Se você não é um homem branco, cisgênero, heterossexual e nasceu em algum dos estados do Sul, Sudeste ou Centro-Oeste, se você não está com medo, deveria estar. Não é apenas o Presidente que tem um problema com a sua existência (como se isso não já fosse o suficiente), são mais 50 milhões de pessoas que concordam com ele em seu machismo, homofobia, racismo, xenofobia e todo o rosário dos piores adjetivos que o Presidente tem demonstrado nas últimas 4 décadas de (des)serviço público. Agora se imagine, você que não corresponde ao perfil do homem branco imune de preconceitos de gênero, raça e todos os outros que habitam aquela carcaça que habita no Alvorada, diante de uma multidão de 50 milhões de pessoas que acreditam que você existir é uma afronta a elas.
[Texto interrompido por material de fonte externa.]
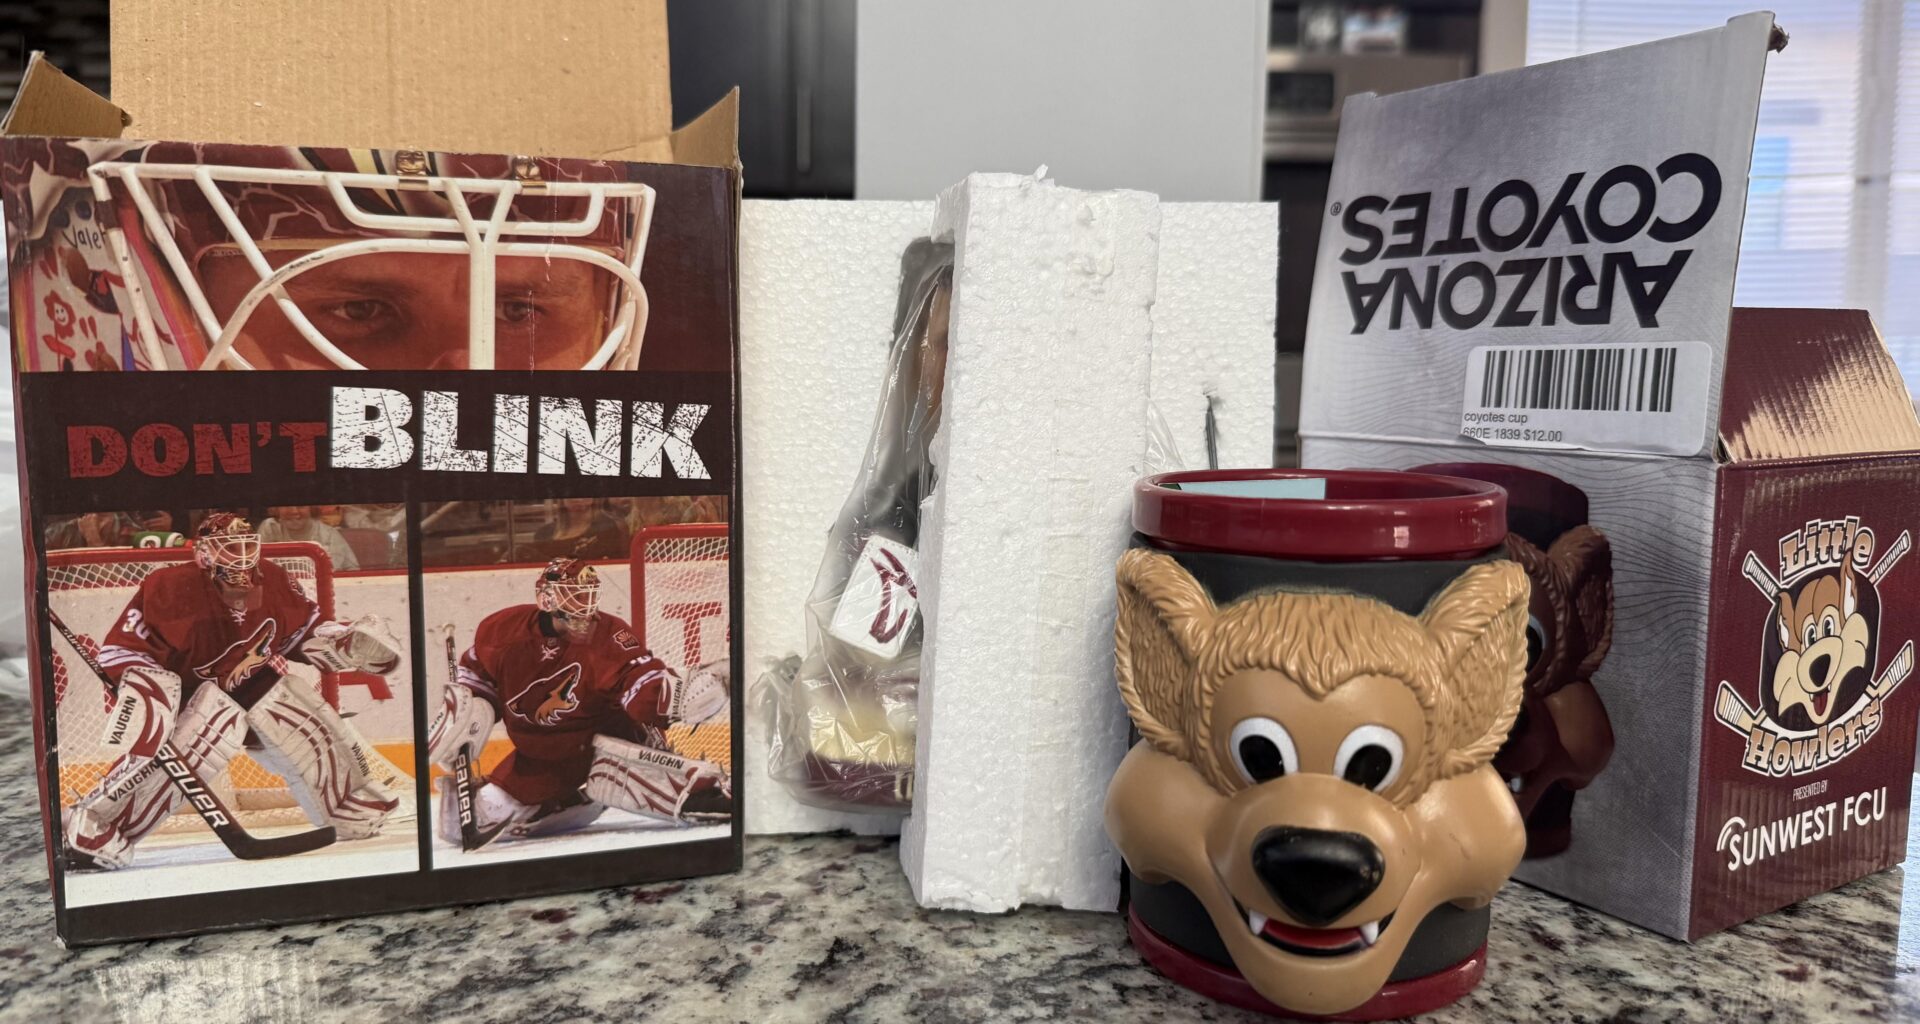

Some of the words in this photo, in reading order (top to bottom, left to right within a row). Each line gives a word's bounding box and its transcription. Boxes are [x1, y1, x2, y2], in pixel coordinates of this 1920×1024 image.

[1339, 152, 1723, 266] COYOTES
[1341, 249, 1693, 335] ARIZONA
[66, 421, 327, 478] DON'T
[331, 385, 712, 480] BLINK
[1463, 412, 1505, 425] coyotes
[1507, 414, 1528, 426] cup
[1494, 428, 1520, 440] 1839
[1523, 428, 1563, 442] $12.00
[1779, 516, 1874, 583] Little
[109, 695, 138, 745] VAUGHN
[672, 679, 684, 718] VAUGHN
[351, 742, 370, 777] VAUGHN
[638, 749, 685, 771] VAUGHN
[1743, 697, 1882, 776] Howlers
[107, 761, 160, 803] VAUGHN
[455, 753, 472, 827] BAUER
[1793, 783, 1820, 801] PRESENTED
[1821, 779, 1828, 793] BY
[1727, 802, 1837, 872] SUNWEST
[1843, 786, 1888, 832] FCU
Você se sente seguro? Eu não.
Como se isso não fosse o bastante, o desemprego está na casa dos 9%, isso são quase 20 milhões de pessoas desempregadas hoje no país. O agronegócio, menina dos olhos do Pressente, terá uma queda estimada de 1,7% no ano de 2022. A inflação do Brasil, hoje, é a sétima maior no mundo com uma taxa de 10% ao ano, junto com uma taxa de juros em alta, que hoje é a terceira maior no mundo. Assim o cenário da catástrofe está montado. Inflação de 10% ao ano, altas taxas de desemprego, salário mínimo sem reajustes reais, tabela de imposto de renda defasada e a simples falta de alimentos fundamentais causada pela guerra entre Rússia e Ucrânia. Sem pensarmos em preços de outros aspectos fundamentais da vida cotidiana como energia, observemos apenas a alimentação: pouca oferta somada à carestia, e isso somado a um salário defasado e desemprego.
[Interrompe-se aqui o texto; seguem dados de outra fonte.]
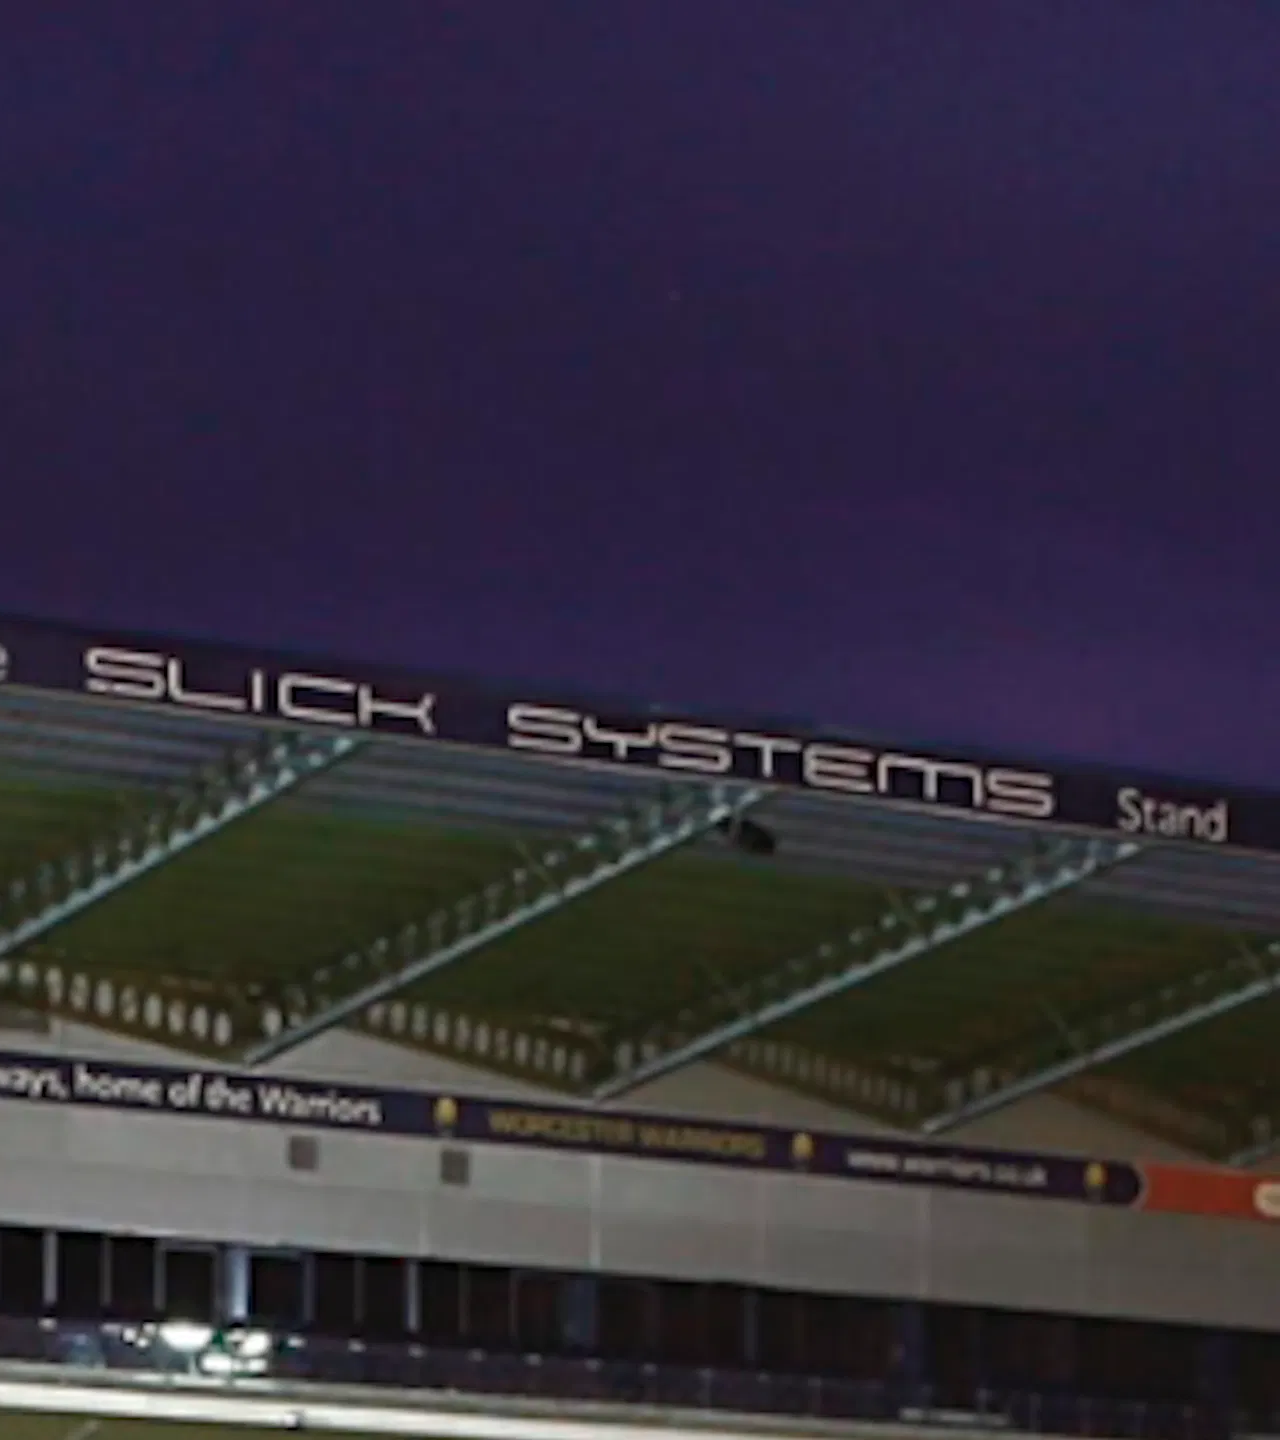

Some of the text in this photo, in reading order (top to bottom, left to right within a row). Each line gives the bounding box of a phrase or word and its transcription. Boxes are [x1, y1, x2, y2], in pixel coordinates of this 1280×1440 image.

Eu poderia escrever mais uns bons parágrafos aqui, a respeito de política internacional, ambiental, de saúde, educacional e tantos outros aspectos no mínimo debatíveis do atual governo, mas depois do último domingo eu percebi que para o povo brasileiro nada disso importa, o que importa é que mantenhamos o pobre miserável, a classe média iludida e transformemos o Brasil em um paraíso de desigualdade onde os ricos são os mais ricos. Às favas com a dignidade do povo, com educação, saúde ou alimentação.
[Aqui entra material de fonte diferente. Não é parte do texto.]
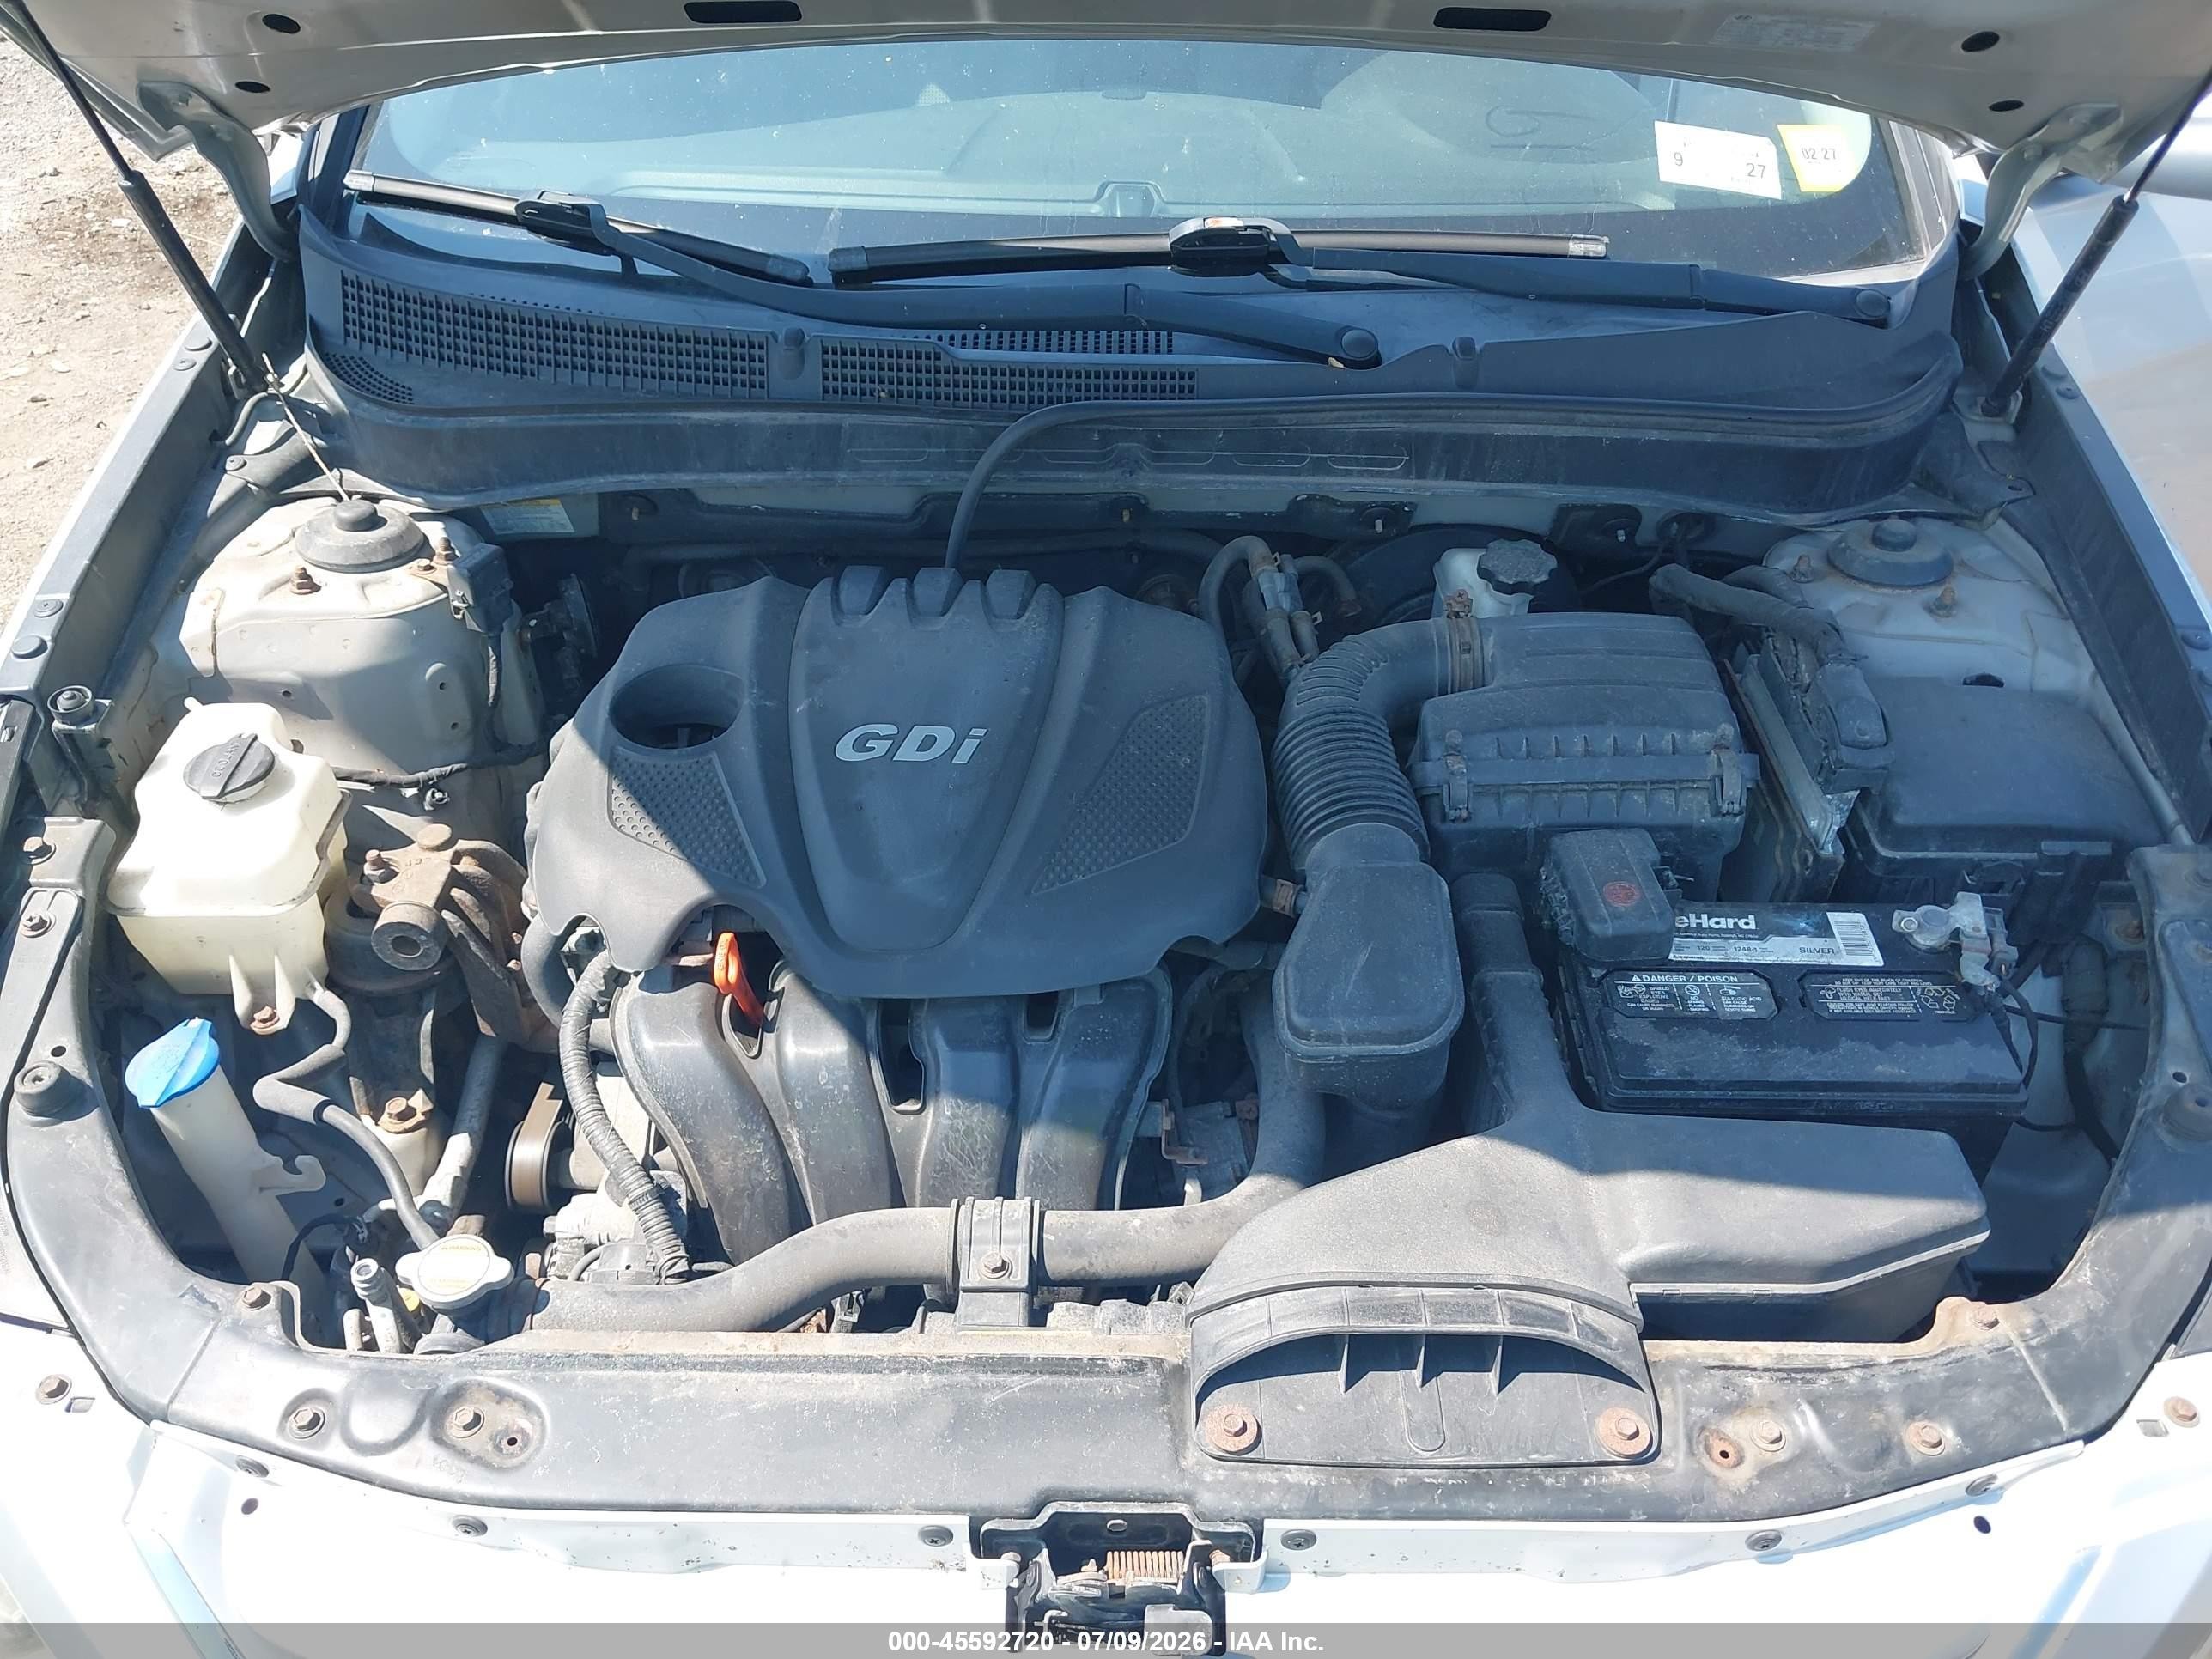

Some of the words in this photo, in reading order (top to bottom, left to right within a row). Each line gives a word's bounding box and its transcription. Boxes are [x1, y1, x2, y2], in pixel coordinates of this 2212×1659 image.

[1673, 151, 1684, 167] 9
[1746, 162, 1766, 179] 27
[835, 723, 988, 764] GDi
[1799, 946, 1835, 955] SILVER
Contudo, enquanto houver vida haverá luta. Enquanto houver pobreza e fome haverá quem lucre, mas também haverá quem lute. Seja até o fim do ano ou até o fim de um próximo mandato o que não podemos é deixar que nos intimidem, não podemos deixar de lutar por nós mesmos, mas principalmente não podemos deixar de lutar por aqueles que não têm voz nem vez. Que sejamos as vozes que gritam, os braços que lutam e as pernas que marcham por aqueles que não podem. Desistir não é um luxo ao qual podemos nos dar. Guerra, crises climáticas e só Deus sabe mais o que nos aguarda nos anos vindouros, e o que quer que seja, deverá nos encontrar com armas em punho. Não as grosseiras armas de fogo tão amadas pelo bolsonarismo, mas a sabedoria e o sentimento de harmonia e amor universais. Como dizem os franceses: às armas cidadãos!